In my late 20s, I’d lost some weight and then got mono, followed by strep. I physically could not eat for quite a while. I lost some more weight. Right after that, all four wisdom teeth came out, got impacted and infected and – I couldn’t eat for quite a while. By the end of that cycle, I’d lost a lot of weight. Temporarily, I was happy. I’d reached my one and only goal. (I didn’t have many other goals. I’d dropped out of college 5 times, was living at home, and waitressing. But I was thin!!!!)
I remember convalescing on my mother’s couch during that time and hanging out with one of her piano students, Casey. Casey’s weight fluctuated up and down over 100 pounds.

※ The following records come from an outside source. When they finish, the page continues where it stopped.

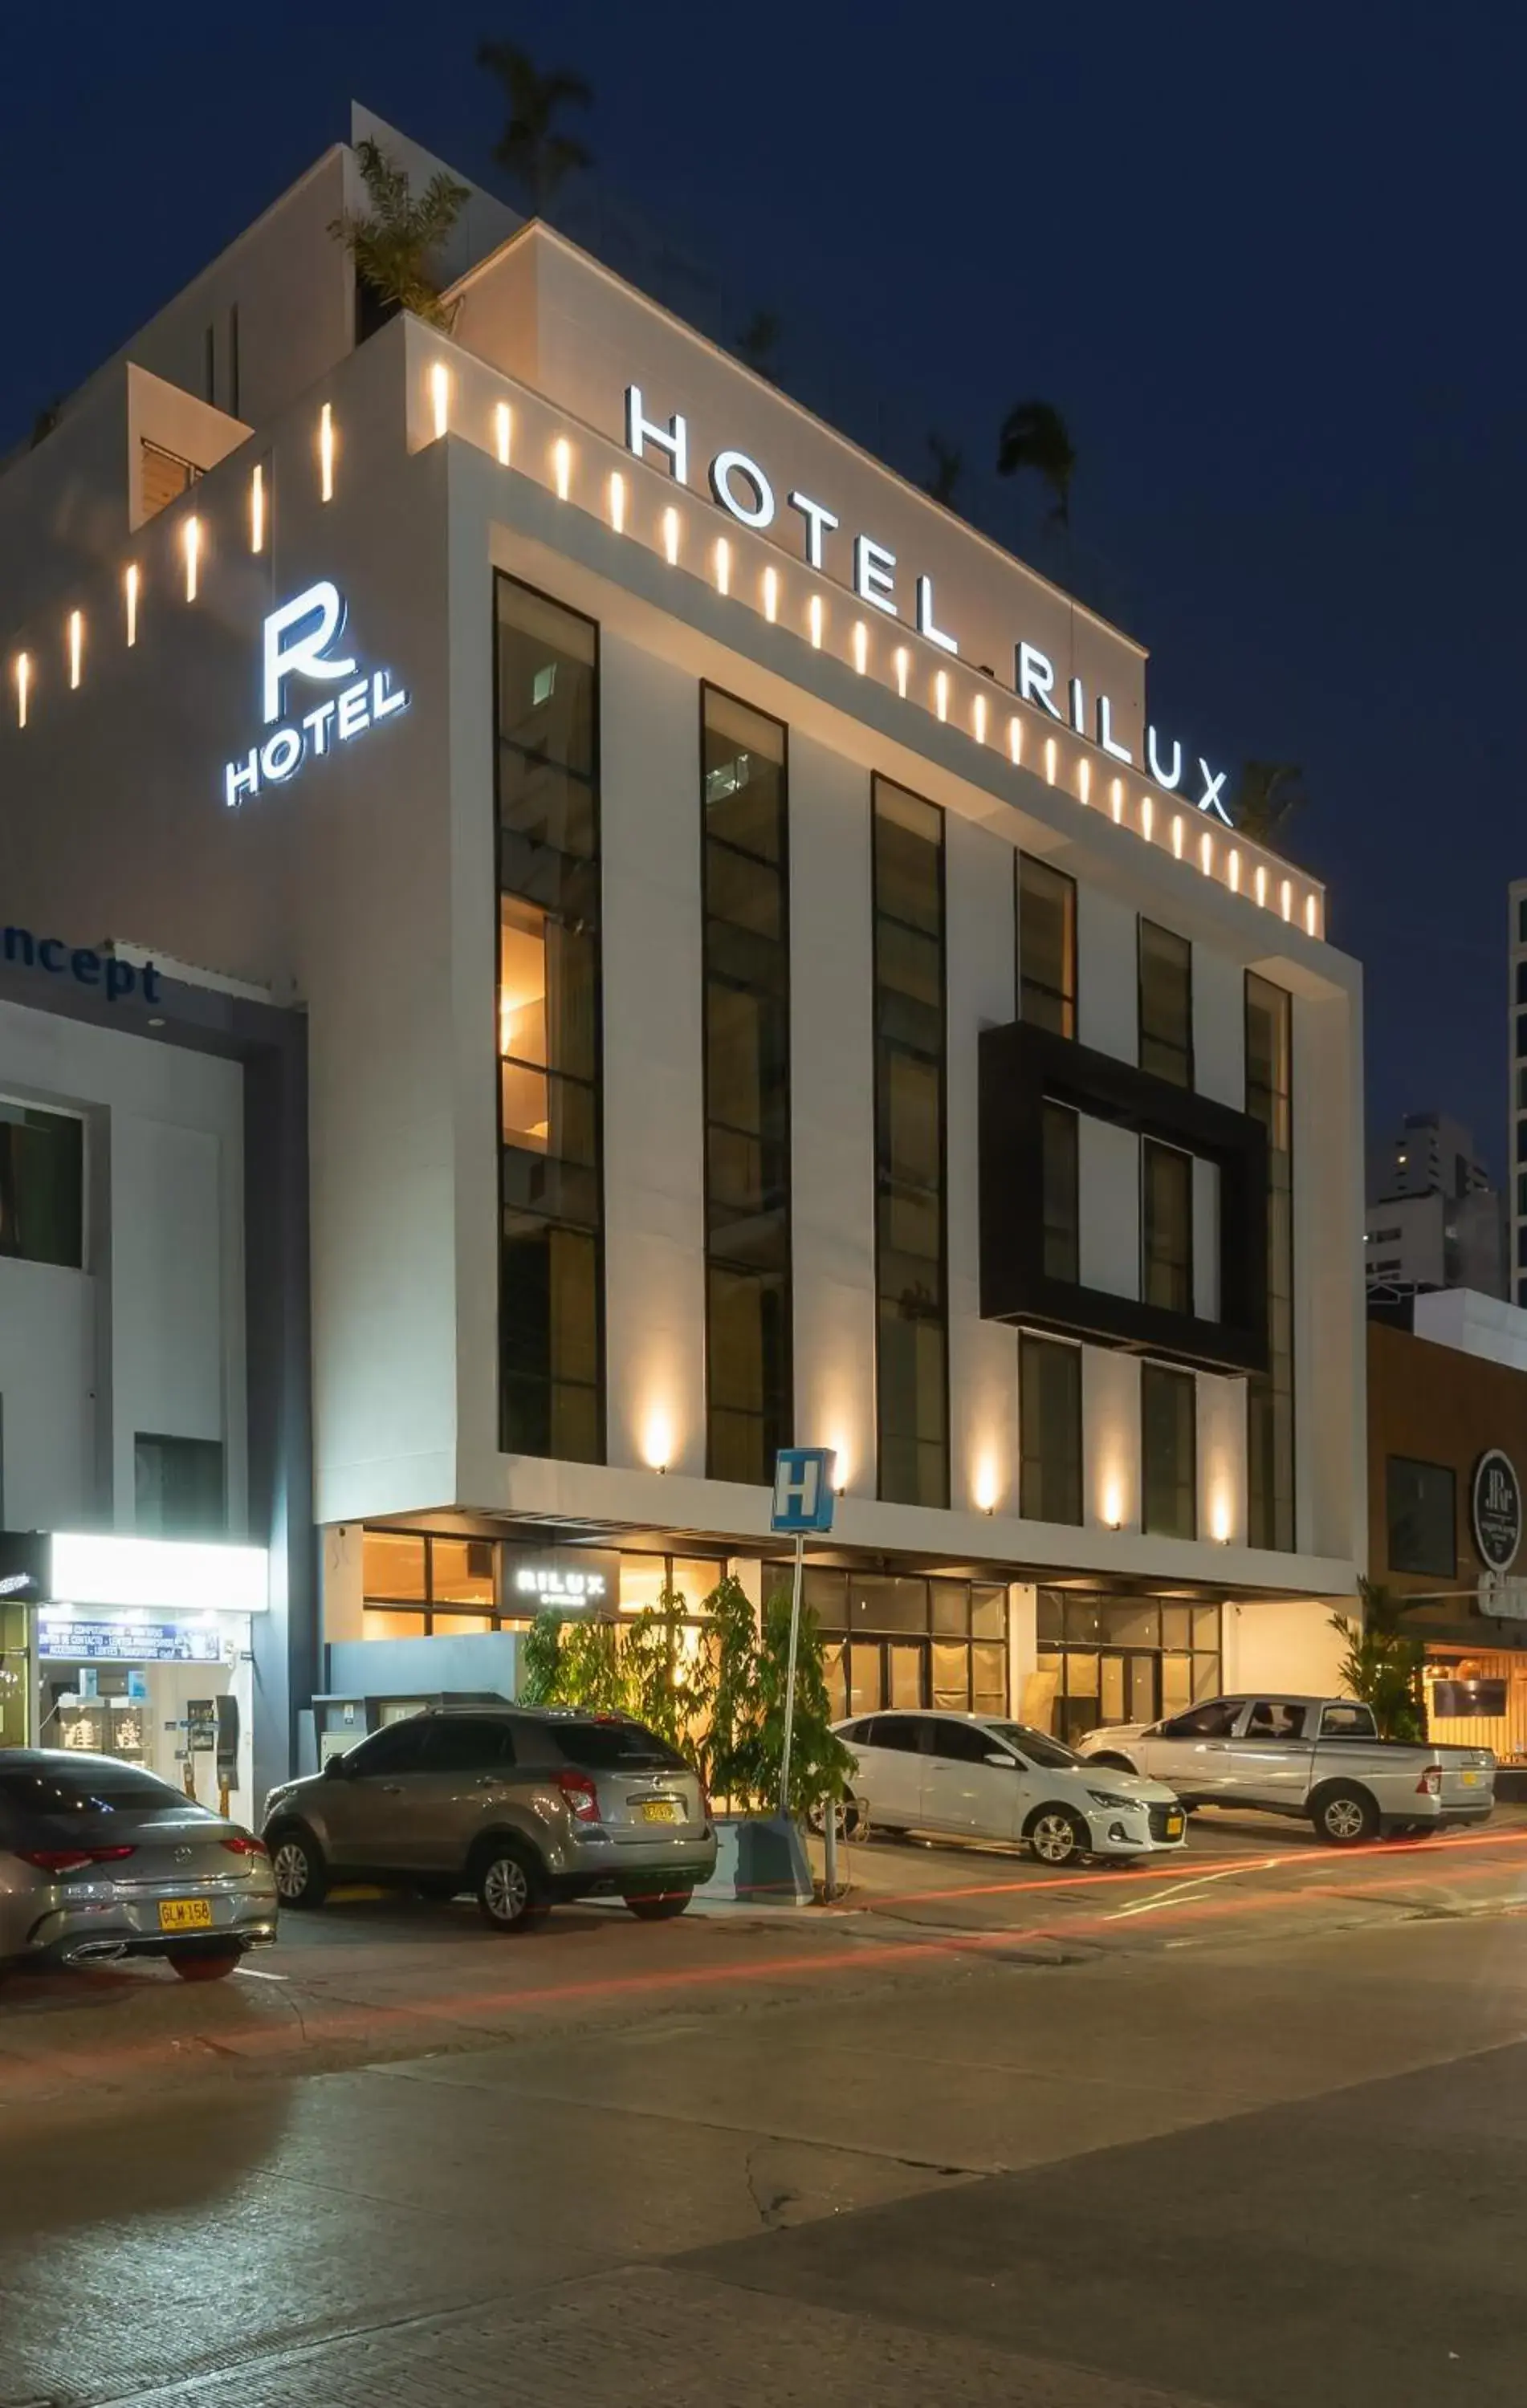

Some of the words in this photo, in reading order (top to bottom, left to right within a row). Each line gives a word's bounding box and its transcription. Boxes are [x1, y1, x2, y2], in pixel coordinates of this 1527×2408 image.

[264, 581, 356, 723] R
[625, 384, 957, 653] HOTEL
[1015, 641, 1233, 828] RILUX
[226, 670, 407, 807] HOTEL
[4, 926, 161, 1003] ncept
[775, 1461, 819, 1516] H
[517, 1571, 605, 1595] RILUX

Casey was a wonderful, beautiful woman with an exquisite soprano, but like me, all she cared about was food and her weight.
One day, sitting on that couch in my mom’s living room, Casey and I discussed. whether we wanted kids. “No”, we decided with assurance, “we’d ruin them”.

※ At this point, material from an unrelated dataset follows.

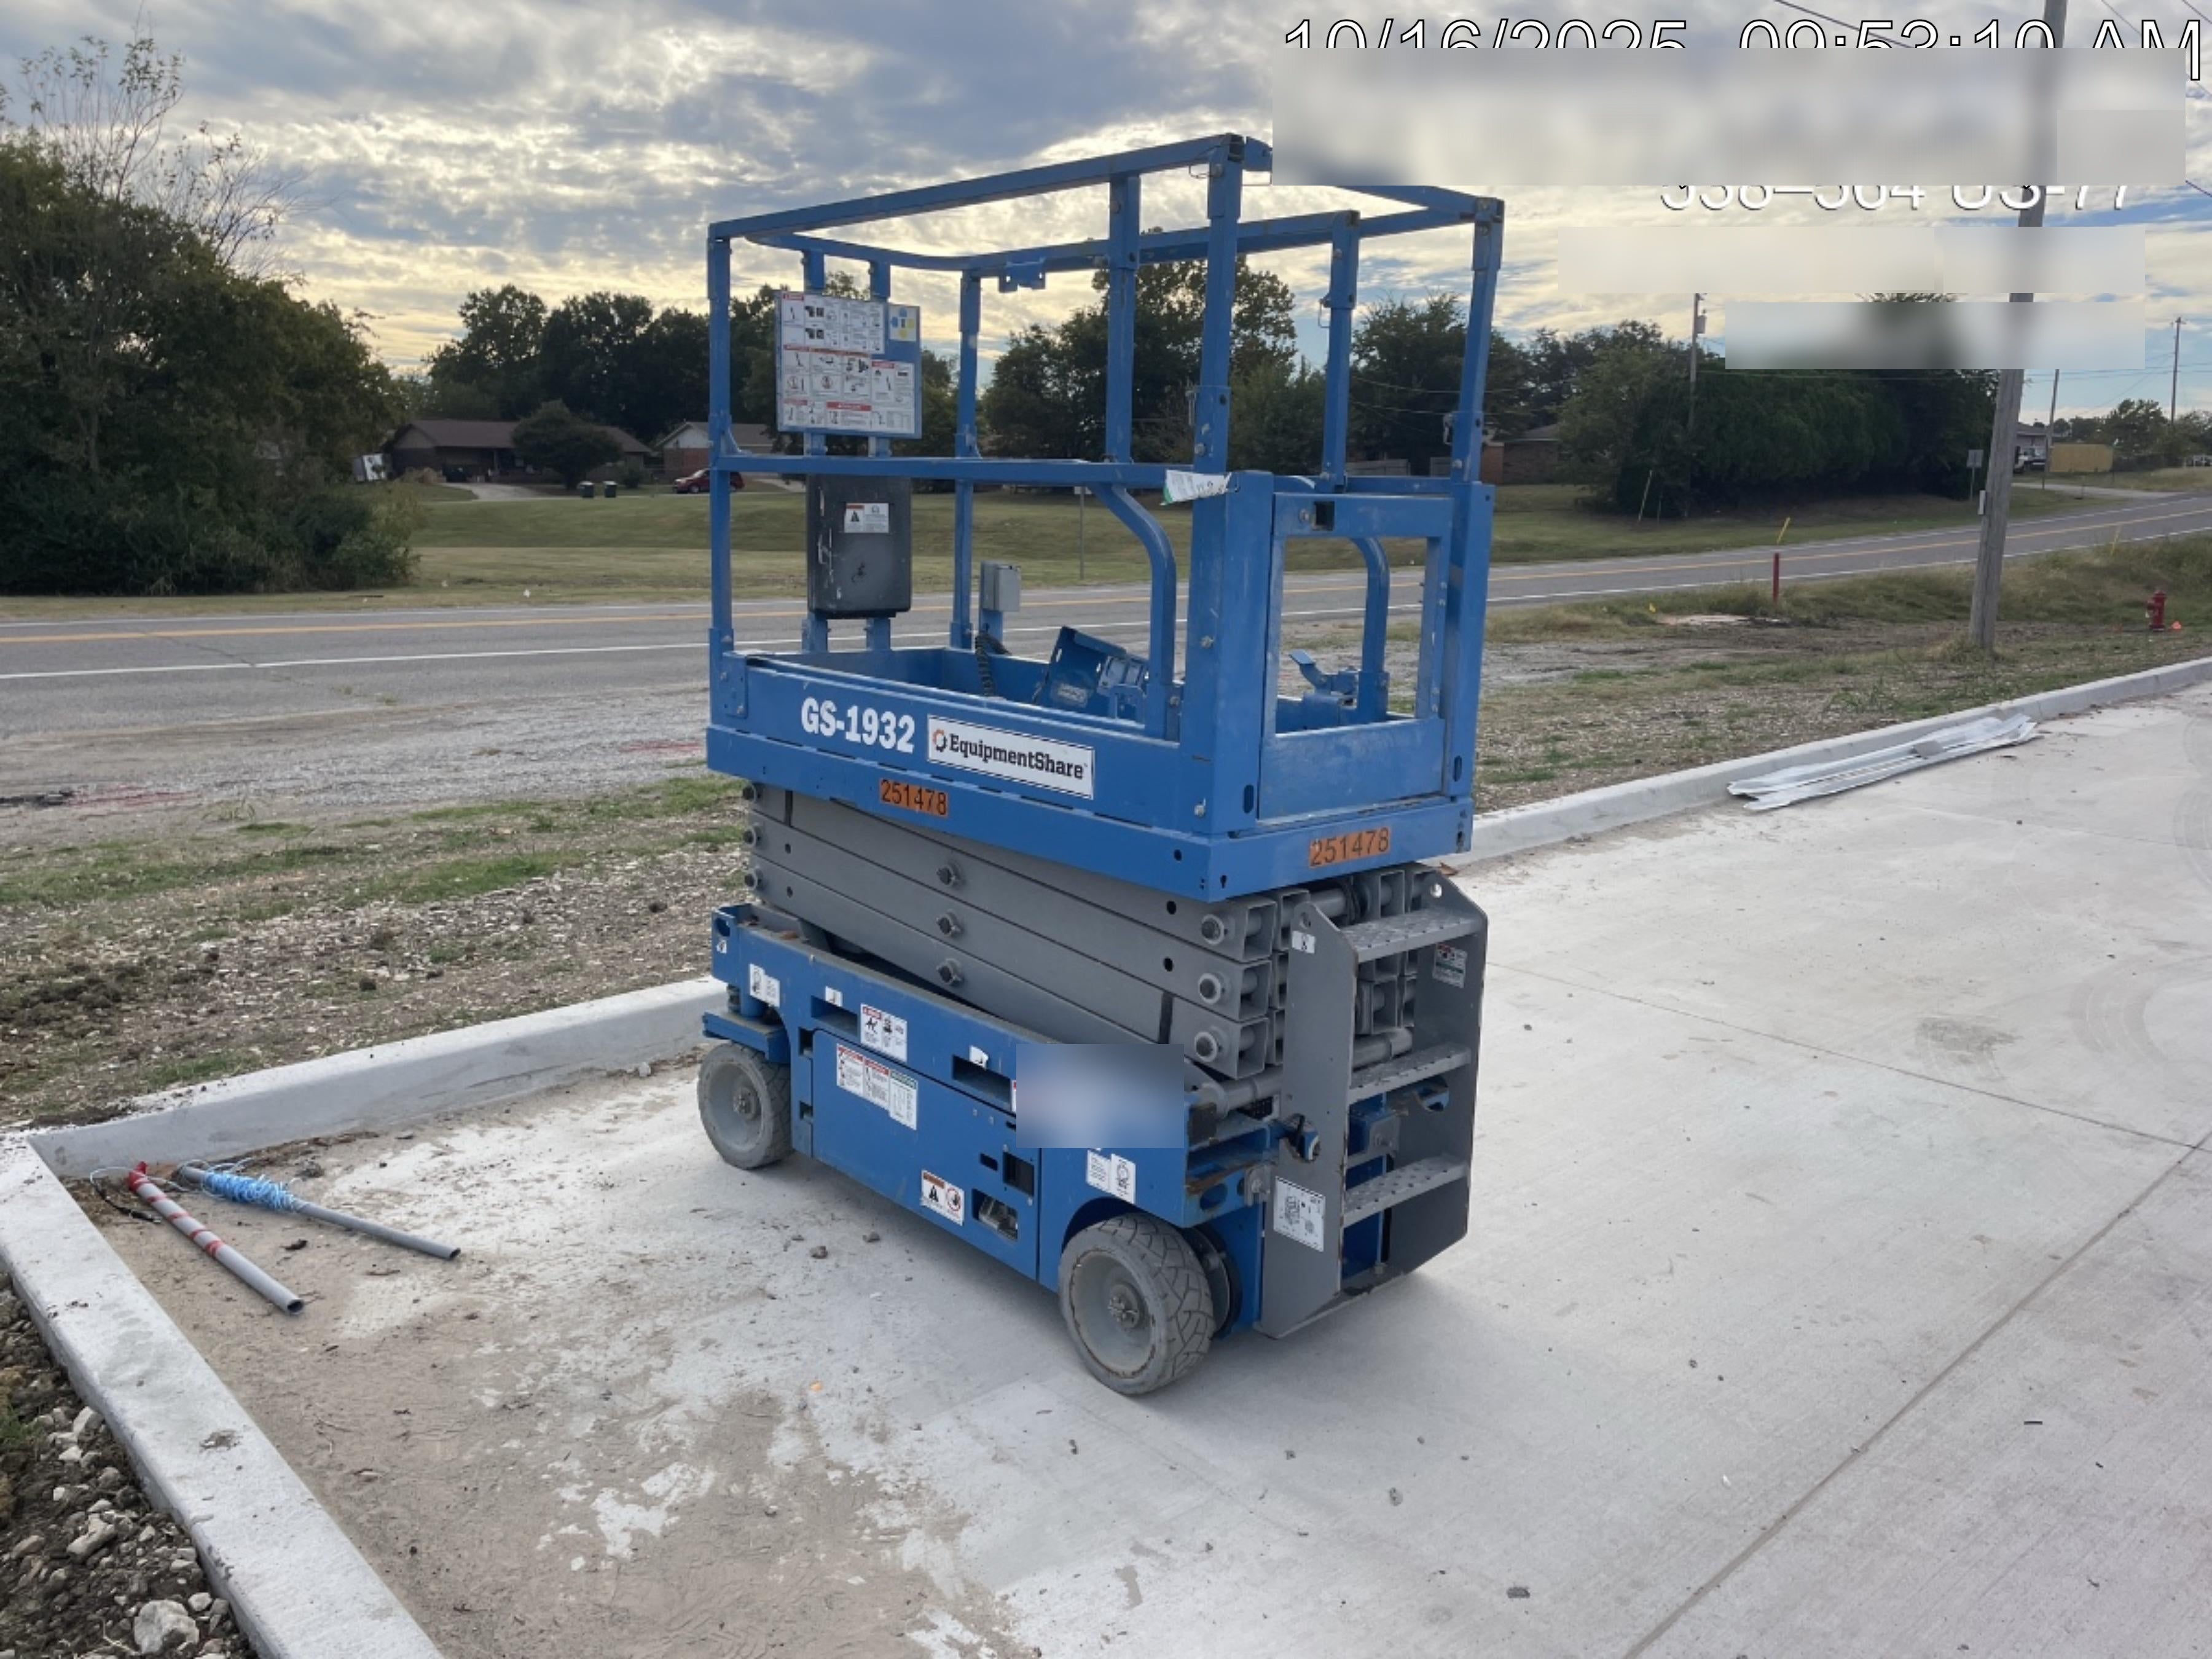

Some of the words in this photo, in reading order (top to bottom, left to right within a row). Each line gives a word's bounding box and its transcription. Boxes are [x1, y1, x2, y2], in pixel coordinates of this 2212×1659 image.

“I’d starve my children”, Casey said. “I couldn’t bear for them to be fat and tortured like I was”.
“Me too,” I cried, half-laughing, but fully knowing that I would have no idea how to feed a child, particularly a girl.
We knew we were too dangerous to be trusted. Neither of us had children.
However, I have many friends with food and body image disorders who do have daughters, and they seem to be doing great jobs.
I wonder how to feed and care for a daughter, as I talked about in my last post. No matter her size, how do we help build a confident woman?
Does anyone have any thoughts? Do your daughters want to diet? Do they complain about their bodies? Do they compare themselves to their peers?
What do you do? How do you answer? How DO we raise confident young woman, comfortable in whatever bodies God gave them?